Mr FLETCHER (BradfieldMinister for Communications, Urban Infrastructure, Cities and the Arts) (10:37): I move:

That this bill be now read a second time.

Social media services have provided Australians significant social, educational and economic benefits for many years. However, these benefits have also come with greater exposure to online harms—including exposure to emotional, mental health and financial harms that can result where malicious online trolls post defamatory material to attack a person's reputation.

The Australian government is committed to keeping Australians safe from online harm, including the harmful impacts of defamatory material posted anonymously on social media.

Today we introduce the Social Media (Anti-Trolling) Bill to ensure defamation law is fit-for-purpose in the digital age and to empower Australians to respond appropriately to defamatory attacks by anonymous social media trolls.

Outline of the Bill

The challenges of responding to defamatory material online crystallised after the High Court's decision in Fairfax Media Publications v Voller.

In that case, a majority of the court determined that the appellant media companies were 'publishers' of defamatory comments that had been made by third parties on their Facebook pages.

The decision highlights the challenges faced by individuals and businesses when it comes to defamation on social media.

Following Voller, it is clear that Australians who maintain an ordinary social media page could be liable for defamatory material posted by someone else—even if they do not know about the material.

The government considers it is not appropriate for Australians to face potential defamation liability for material posted by others.

Many individuals and organisations simply do not have the resources to continuously monitor and moderate their social media pages, merely to manage their defamation liability risk. This bill urgently responds to the risks created by the Voller decision to protect all Australians who maintain a normal social media page from inappropriate defamation liability.

The government is also deeply concerned about the harmful impact of defamatory material posted on social media. It is in the nature of social media that harmful posts may go 'viral' and rapidly be disseminated to a wide audience, amplifying the harm. Furthermore, where defamatory material is posted anonymously, it can be very difficult for Australians to respond.

Some will take no action.

Some will report the attacks to the platform.

Some will contact the eSafety Commissioner or another regulator.

But those who have suffered the most extreme attacks on reputation or who are bearing the significant emotional, mental health and financial costs may wish to consider all options to vindicate their reputation, including legal proceedings.

This bill provides powerful tools to help Australians who have been subjected to defamatory attacks by anonymous social media trolls, and who may be considering legal proceedings to protect themselves.

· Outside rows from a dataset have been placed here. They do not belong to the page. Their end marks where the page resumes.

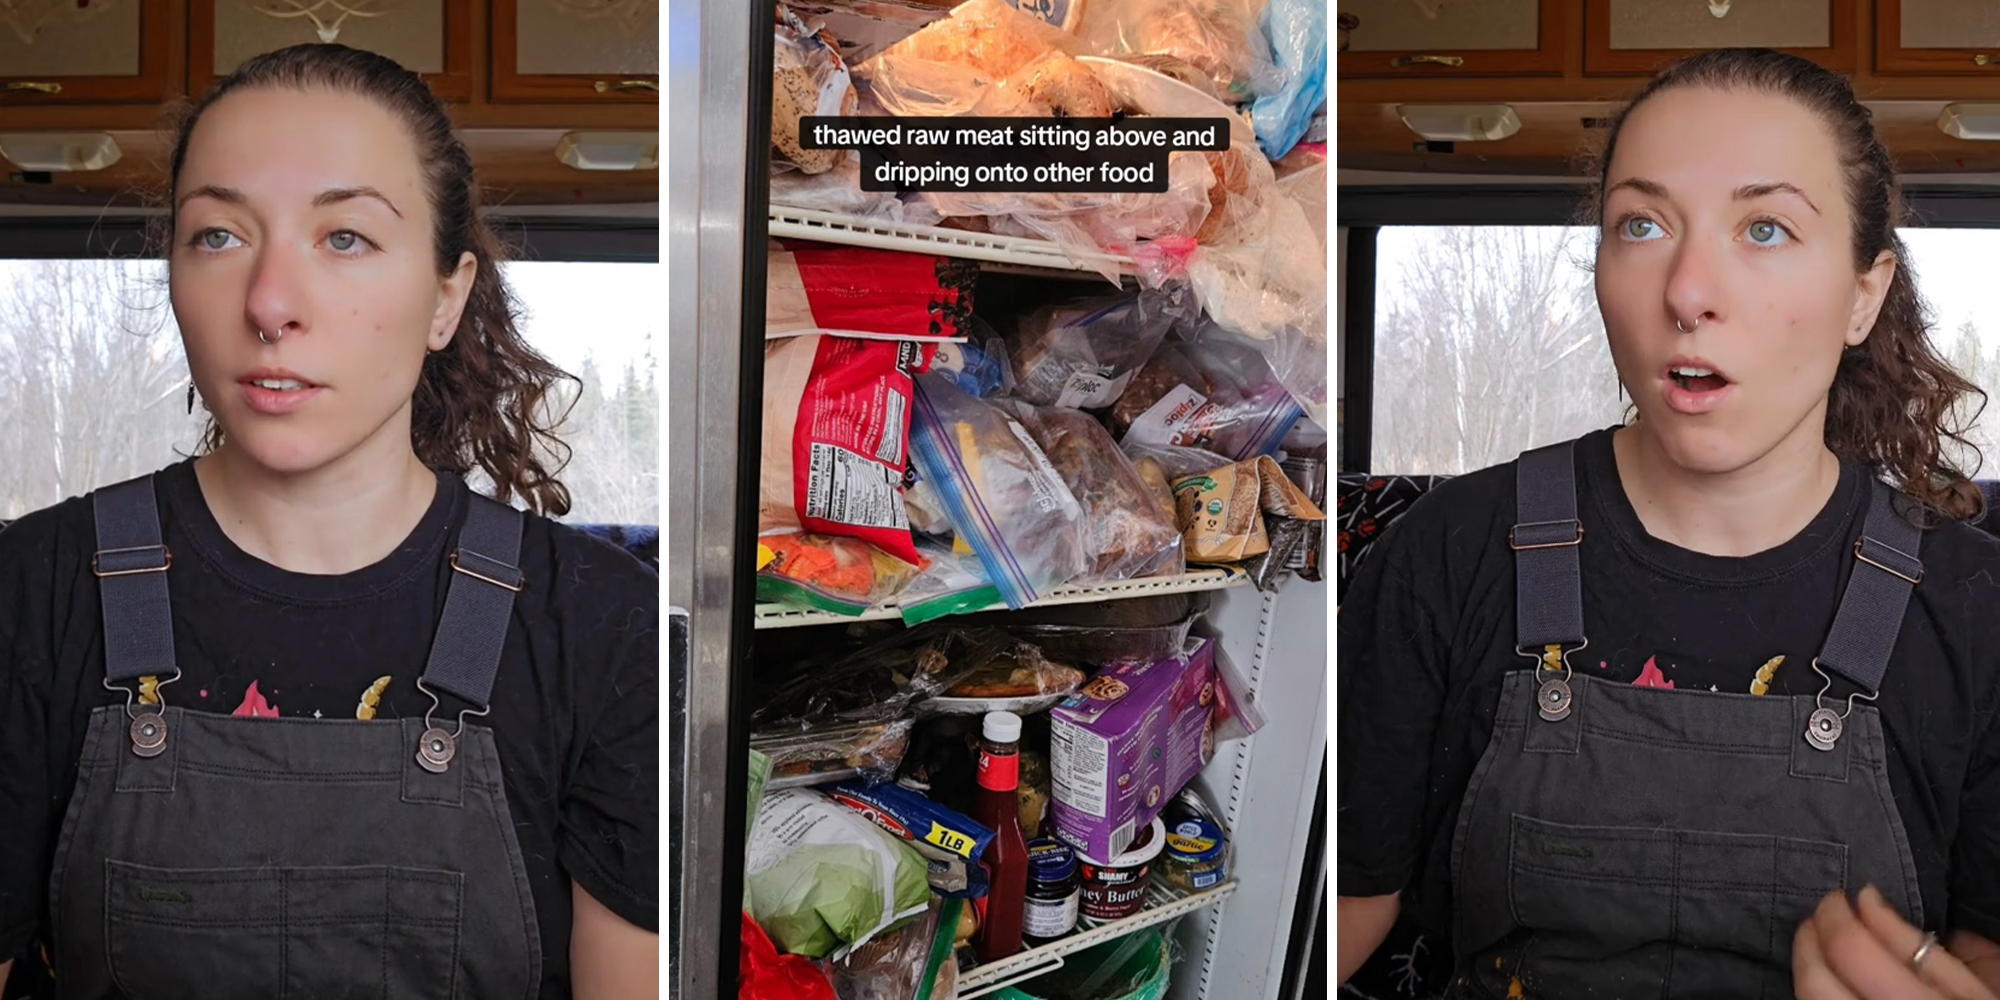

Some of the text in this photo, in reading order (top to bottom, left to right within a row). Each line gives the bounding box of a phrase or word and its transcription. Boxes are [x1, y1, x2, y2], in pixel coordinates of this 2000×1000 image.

[1070, 377, 1101, 393] Ziploc
[1165, 397, 1198, 427] Ziploc
[808, 444, 820, 516] Nutrition Facts
[835, 448, 845, 521] Calories 60
[1173, 838, 1205, 850] garlic
[1097, 871, 1129, 881] SHAMY
[1107, 884, 1146, 903] Butter

The government has developed a number of mechanisms to protect Australians from a wide range of online harms. This bill is another important tool to support Australians combat trolls online.

Introductory provi sions

'Trolling' encompasses a range of harmful online behaviours that vary in severity from the merely annoying to the criminal. Too often, this behaviour can result in harms to the victim's mental and emotional health and can damage the victim's reputation in the eyes of their peers.

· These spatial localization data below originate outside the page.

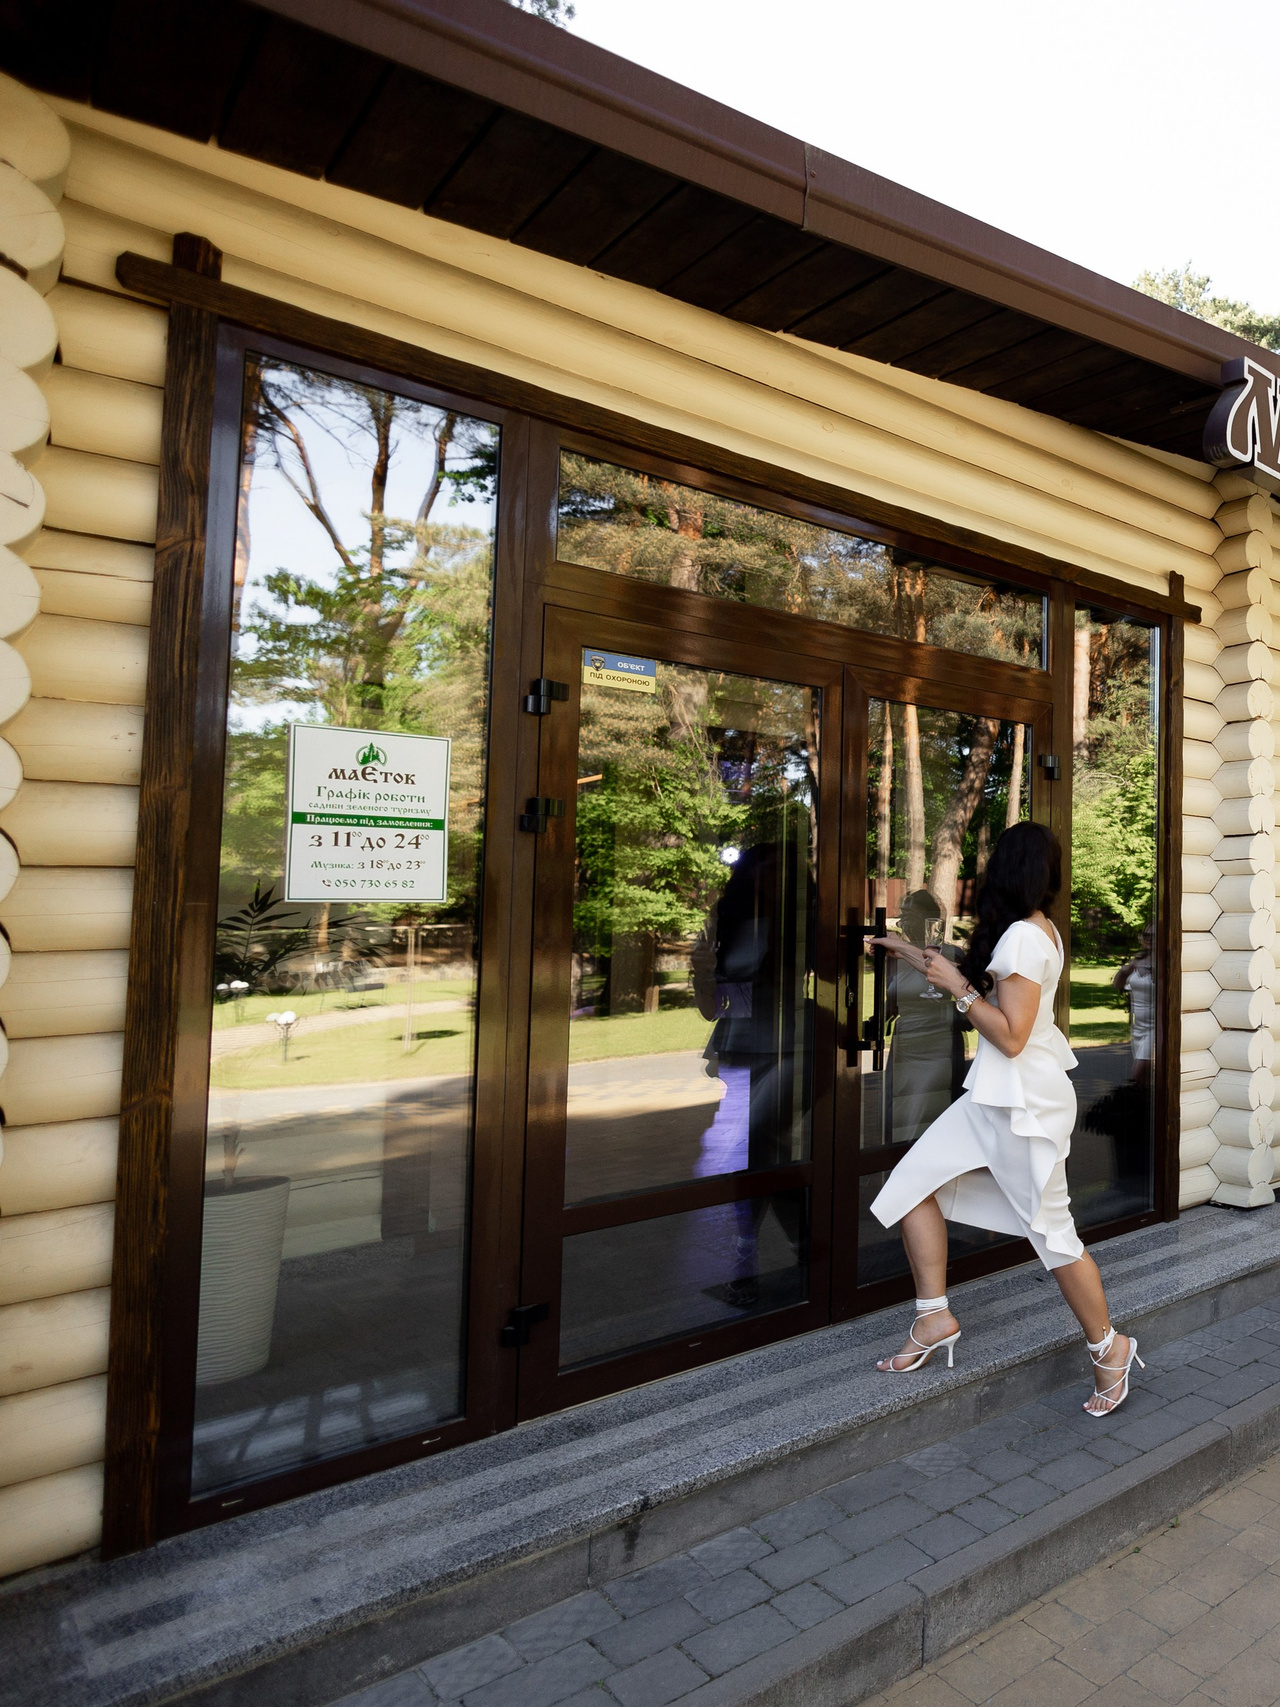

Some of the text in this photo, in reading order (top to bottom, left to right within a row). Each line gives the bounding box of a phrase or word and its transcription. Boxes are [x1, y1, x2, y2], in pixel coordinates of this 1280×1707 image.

[589, 671, 650, 687] ПІД ОХОРОНОЮ
[316, 786, 425, 803] Графік роботи
[345, 804, 388, 812] зеленого
[390, 806, 432, 816] туризму
[306, 814, 433, 828] Працюємо під замовлення:
[361, 837, 386, 851] до
[311, 861, 354, 870] Музика:
[387, 862, 402, 871] до
[334, 879, 415, 889] 050 730 65 82

The title of the bill explicitly recognises that posting defamatory material on social media is a form of 'trolling'. The title sends a clear message, calling out defamatory attacks on reputation as a form of behaviour that is not acceptable online—particularly where those reputational attacks are made behind a cloak of anonymity. The bill focuses on defamatory trolling on social media, and in this way complements other measures on the Commonwealth statute book—like the Online Safety Act or the Criminal Code—which address other forms of trolling and other online harms.

Protecting page owners

Part 2 of the bill deals with liability for defamatory material posted on a social media service.

Specifically, the bill expressly addresses one of the outcomes of the Voller decision, in relation to an end user who operates or maintains a page on a social media service—called a 'page owner' in the bill.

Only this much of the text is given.